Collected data
-------------------------

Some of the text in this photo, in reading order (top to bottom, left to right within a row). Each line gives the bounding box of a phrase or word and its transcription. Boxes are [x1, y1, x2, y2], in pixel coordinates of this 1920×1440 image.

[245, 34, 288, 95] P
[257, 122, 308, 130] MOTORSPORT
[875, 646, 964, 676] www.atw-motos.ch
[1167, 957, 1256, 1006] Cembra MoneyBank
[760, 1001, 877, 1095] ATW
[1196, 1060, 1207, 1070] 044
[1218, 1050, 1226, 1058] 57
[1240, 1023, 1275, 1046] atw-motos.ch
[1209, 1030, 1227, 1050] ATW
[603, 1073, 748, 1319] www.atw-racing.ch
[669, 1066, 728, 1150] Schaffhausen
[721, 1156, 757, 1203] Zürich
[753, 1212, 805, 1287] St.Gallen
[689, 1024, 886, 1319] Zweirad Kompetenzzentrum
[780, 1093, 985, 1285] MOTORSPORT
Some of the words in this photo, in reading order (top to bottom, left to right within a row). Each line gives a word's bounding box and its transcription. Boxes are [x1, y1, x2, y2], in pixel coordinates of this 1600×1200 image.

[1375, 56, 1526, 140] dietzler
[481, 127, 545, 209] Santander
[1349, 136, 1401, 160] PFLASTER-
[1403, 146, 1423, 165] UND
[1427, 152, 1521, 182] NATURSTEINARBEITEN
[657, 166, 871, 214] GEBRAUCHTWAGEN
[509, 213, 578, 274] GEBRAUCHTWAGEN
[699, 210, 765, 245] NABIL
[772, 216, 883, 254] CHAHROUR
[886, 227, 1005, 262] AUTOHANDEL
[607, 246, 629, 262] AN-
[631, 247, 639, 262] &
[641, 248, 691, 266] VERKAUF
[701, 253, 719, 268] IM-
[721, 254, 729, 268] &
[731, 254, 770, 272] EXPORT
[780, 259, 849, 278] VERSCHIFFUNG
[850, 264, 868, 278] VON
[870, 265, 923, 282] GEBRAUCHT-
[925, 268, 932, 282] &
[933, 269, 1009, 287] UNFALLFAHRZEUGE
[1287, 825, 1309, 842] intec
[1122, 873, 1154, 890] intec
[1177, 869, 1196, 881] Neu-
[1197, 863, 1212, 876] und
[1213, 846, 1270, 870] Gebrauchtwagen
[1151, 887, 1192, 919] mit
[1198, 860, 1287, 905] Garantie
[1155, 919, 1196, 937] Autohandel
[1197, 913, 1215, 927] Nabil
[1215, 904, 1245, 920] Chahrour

-------------------------

EXERCISE INSTRUCTIONS: Line by line, retype the records with no changes.

ANSWER SECTION:
Some of the text in this photo, in reading order (top to bottom, left to right within a row). Each line gives the bounding box of a phrase or word and its transcription. Boxes are [x1, y1, x2, y2], in pixel coordinates of this 1920×1440 image.

[245, 34, 288, 95] P
[257, 122, 308, 130] MOTORSPORT
[875, 646, 964, 676] www.atw-motos.ch
[1167, 957, 1256, 1006] Cembra MoneyBank
[760, 1001, 877, 1095] ATW
[1196, 1060, 1207, 1070] 044
[1218, 1050, 1226, 1058] 57
[1240, 1023, 1275, 1046] atw-motos.ch
[1209, 1030, 1227, 1050] ATW
[603, 1073, 748, 1319] www.atw-racing.ch
[669, 1066, 728, 1150] Schaffhausen
[721, 1156, 757, 1203] Zürich
[753, 1212, 805, 1287] St.Gallen
[689, 1024, 886, 1319] Zweirad Kompetenzzentrum
[780, 1093, 985, 1285] MOTORSPORT
Some of the words in this photo, in reading order (top to bottom, left to right within a row). Each line gives a word's bounding box and its transcription. Boxes are [x1, y1, x2, y2], in pixel coordinates of this 1600×1200 image.

[1375, 56, 1526, 140] dietzler
[481, 127, 545, 209] Santander
[1349, 136, 1401, 160] PFLASTER-
[1403, 146, 1423, 165] UND
[1427, 152, 1521, 182] NATURSTEINARBEITEN
[657, 166, 871, 214] GEBRAUCHTWAGEN
[509, 213, 578, 274] GEBRAUCHTWAGEN
[699, 210, 765, 245] NABIL
[772, 216, 883, 254] CHAHROUR
[886, 227, 1005, 262] AUTOHANDEL
[607, 246, 629, 262] AN-
[631, 247, 639, 262] &
[641, 248, 691, 266] VERKAUF
[701, 253, 719, 268] IM-
[721, 254, 729, 268] &
[731, 254, 770, 272] EXPORT
[780, 259, 849, 278] VERSCHIFFUNG
[850, 264, 868, 278] VON
[870, 265, 923, 282] GEBRAUCHT-
[925, 268, 932, 282] &
[933, 269, 1009, 287] UNFALLFAHRZEUGE
[1287, 825, 1309, 842] intec
[1122, 873, 1154, 890] intec
[1177, 869, 1196, 881] Neu-
[1197, 863, 1212, 876] und
[1213, 846, 1270, 870] Gebrauchtwagen
[1151, 887, 1192, 919] mit
[1198, 860, 1287, 905] Garantie
[1155, 919, 1196, 937] Autohandel
[1197, 913, 1215, 927] Nabil
[1215, 904, 1245, 920] Chahrour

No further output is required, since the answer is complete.